Istanbul Half Marathon to See Strongest Field in Event’s 16-year History

Istanbul Half Marathon to See Strongest Field in Event’s 16-year History

One of the most exclusive races in the distance-running calendar, the N Kolay Istanbul Half Marathon — a World Athletics Elite Label road race, will see the strongest field ever assembled in the event’s 16-year history on Sunday, with the spotlight firmly on the duel between the reigning world half-marathon record-holder Kibiwott Kandie and his predecessor Geoffrey Kamworor.

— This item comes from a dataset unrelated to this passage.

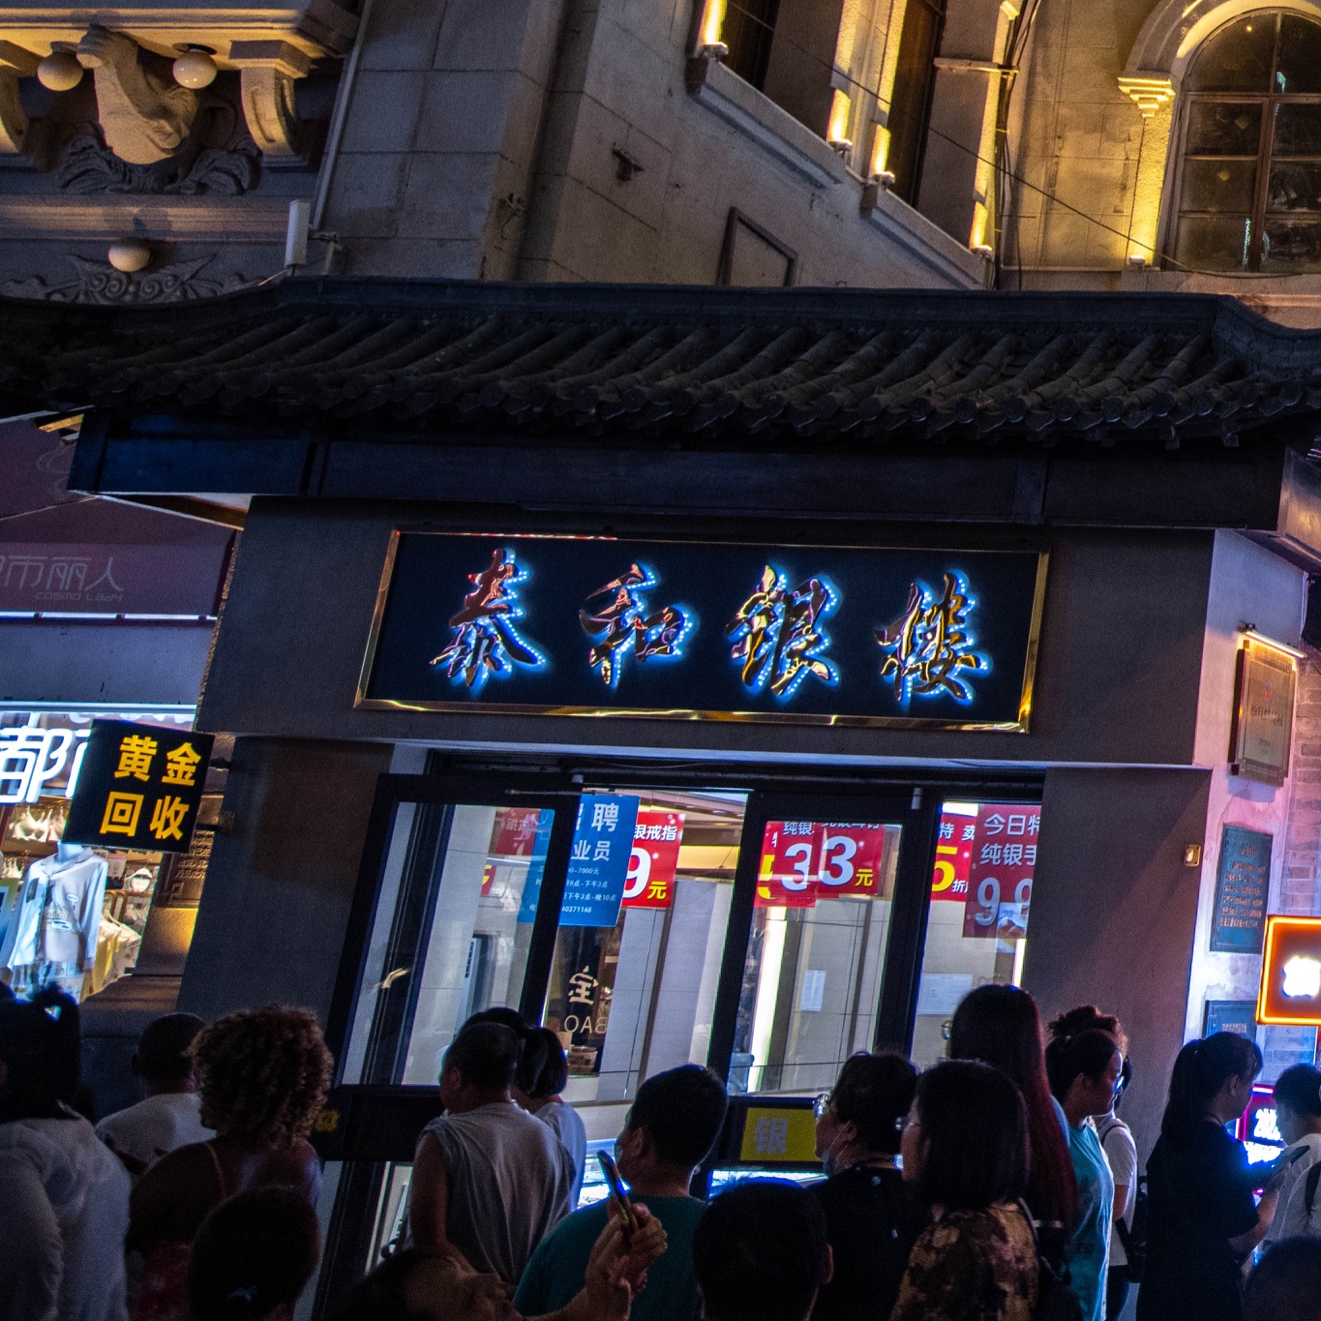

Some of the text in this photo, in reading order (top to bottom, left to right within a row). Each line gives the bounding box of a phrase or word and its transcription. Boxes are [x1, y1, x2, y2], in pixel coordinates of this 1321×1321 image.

With the two stalwarts set to renew their rivalry, it would not be an exaggeration to say that a couple of records could be fall by the wayside, especially since Kandie ended 2020 with a world record time of 57:32 in Valencia and ran three more races under 59 minutes in the pandemic-ravaged year.

For Kamworor, who set the previous record of 58:01 in Copenhagen in September 2019, it would be a return to big-time action after recovering from a surgery following a motorcycle mishap in June last year. He returned to the course at the Kenya Police Service Championships in January this year to bag his eighth successive title. Given the running-friendly conditions and the sublime form the two Kenyans are in, they could break the race record of 59:50 held by Amdework Walelegn of Ethiopia.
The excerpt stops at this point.